É verdade que nem todas as anquiloglossias requerem intervenção cirúrgica, mas levando tudo isso em consideração: embora o crescimento das frenotomias deva ser reconhecido e seja possível que o sobrediagnóstico esteja associado ao boom da amamentação, vale a pena perguntar se não havia subdiagnóstico antes . Isto é, se a corrente contrária de alguns anos atrás (a priorização da garrafa) não escondesse o diagnóstico precoce deste problema e acabasse por fazer com que problemas se desenvolvessem no futuro.
Como sempre, o problema é mais complexo do que parece. A saúde é um fenômeno social e, como tal, é permeada por fenômenos irracionais que a afetam plenamente. Há alguns anos descobriu-se que séries como ER, Grey’s Anatomy ou Central Hospital tiveram um impacto direto nas práticas dos profissionais de saúde a tal ponto que algumas coisas que estas séries popularizaram aumentaram o risco de doenças nosocomiais.
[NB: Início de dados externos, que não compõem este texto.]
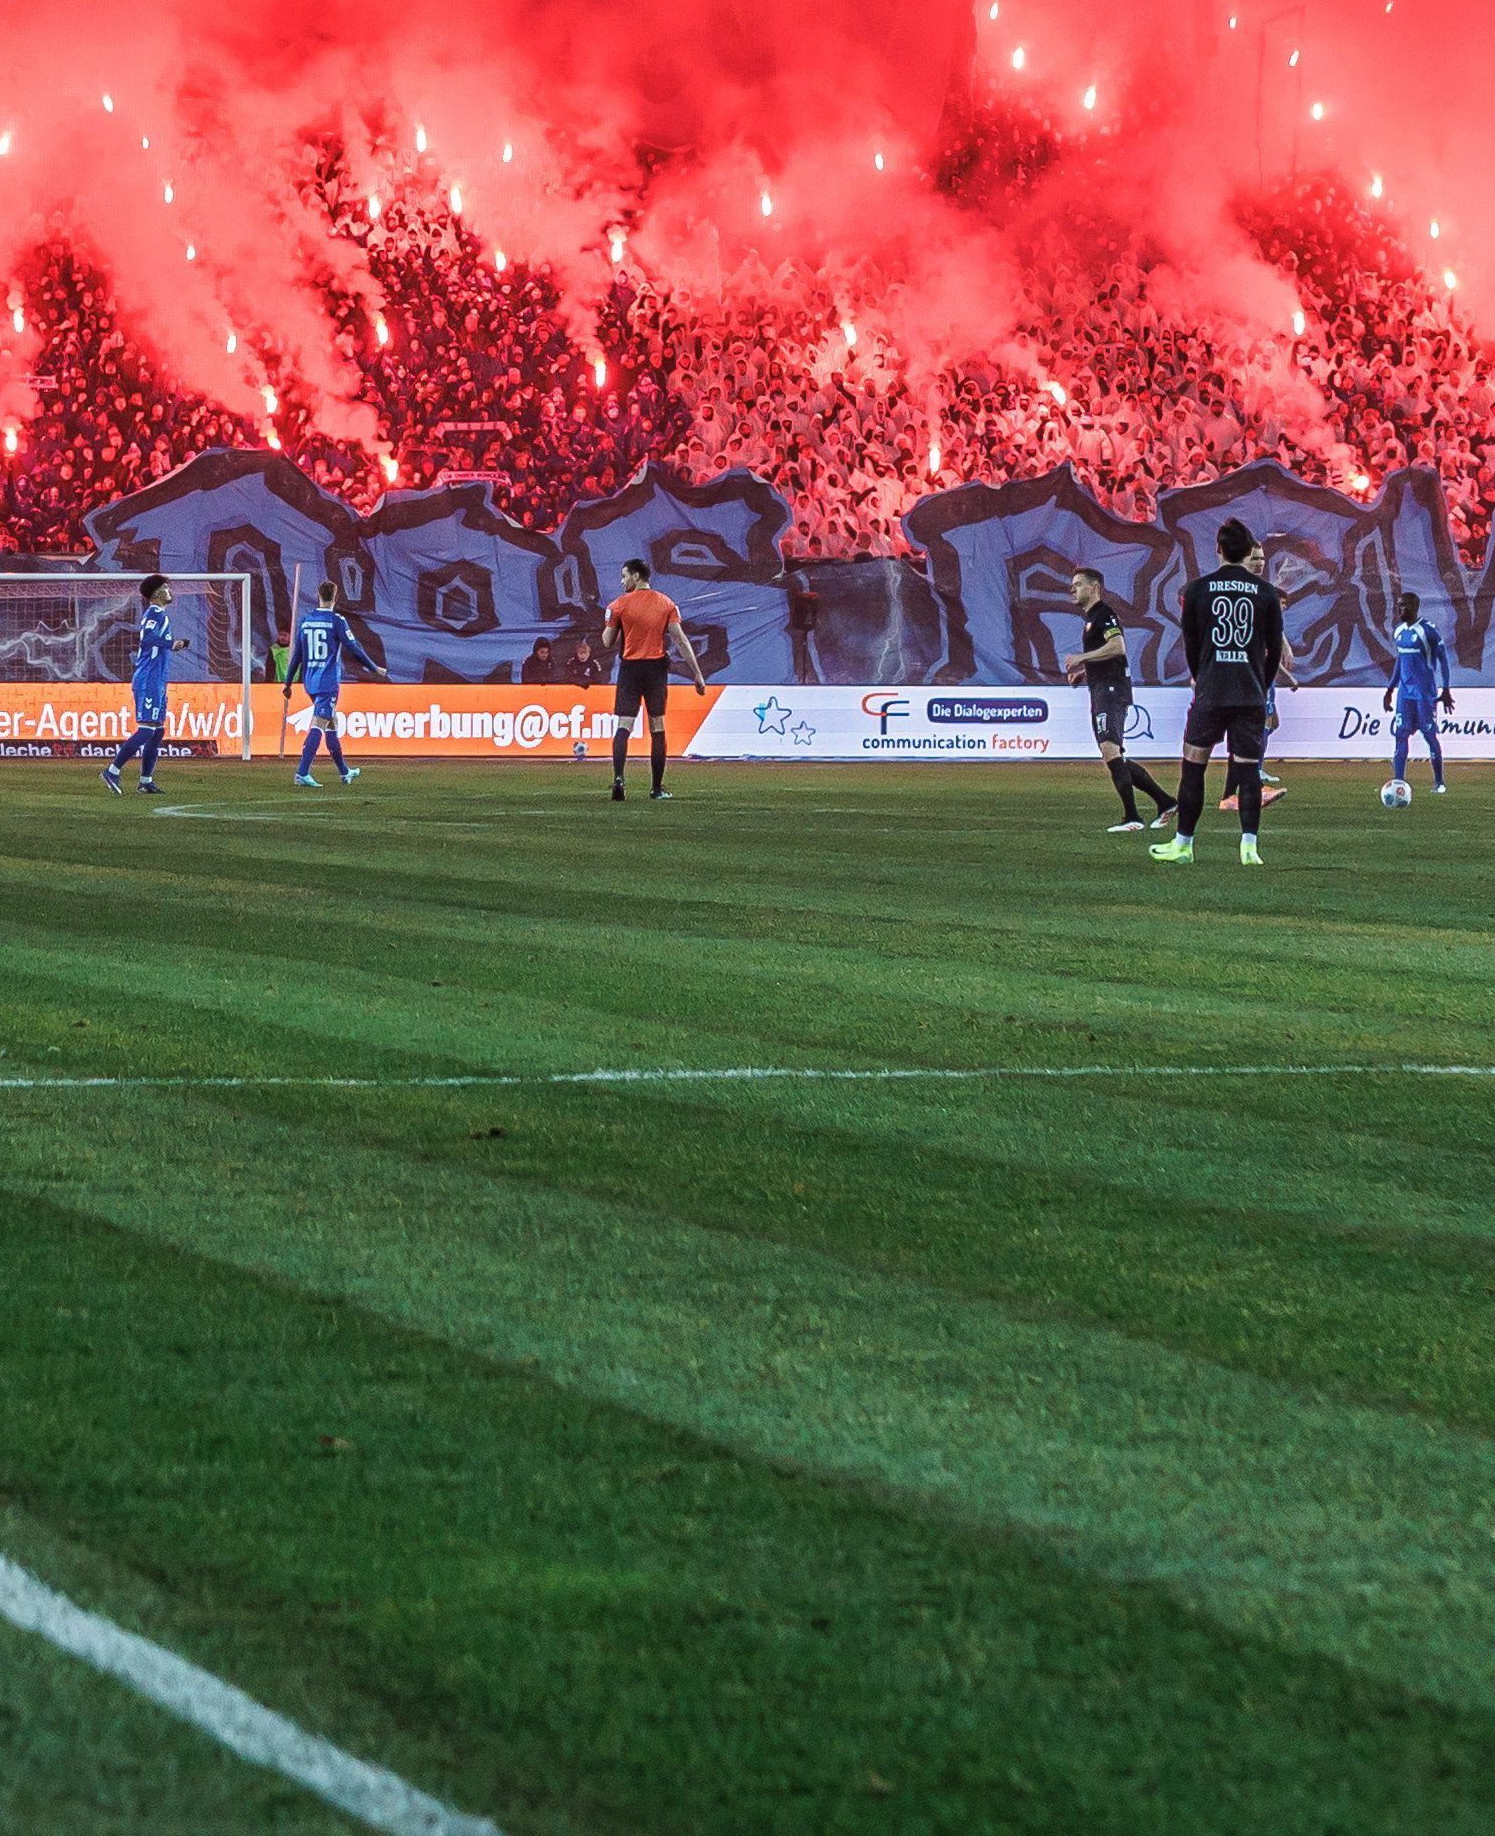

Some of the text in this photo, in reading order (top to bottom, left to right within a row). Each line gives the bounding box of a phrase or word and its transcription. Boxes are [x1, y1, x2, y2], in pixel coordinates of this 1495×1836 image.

[1209, 580, 1259, 595] DRESDEN
[1211, 595, 1255, 648] 39
[303, 628, 329, 660] 16
[1215, 649, 1249, 663] KELLER
[932, 703, 1043, 721] Die Dialogexperten
[1338, 706, 1381, 740] Die
[335, 704, 644, 749] bewerbung@cf.m
[862, 733, 1050, 753] communication factory
Isso também acontece com a paternidade, a pediatria e os cuidados. E muito. O mundo está repleto de gurus nestes temas (e a realidade já nos mostrou que devemos ter cuidado com eles). Mas também temos que ter cuidado com a forma como comunicamos essas coisas. Não devemos esquecer que há crianças que precisam de frenotomia e que demonizá-las pode ser um problema.
O delicado equilíbrio entre verdade (informação) e amor (cuidado).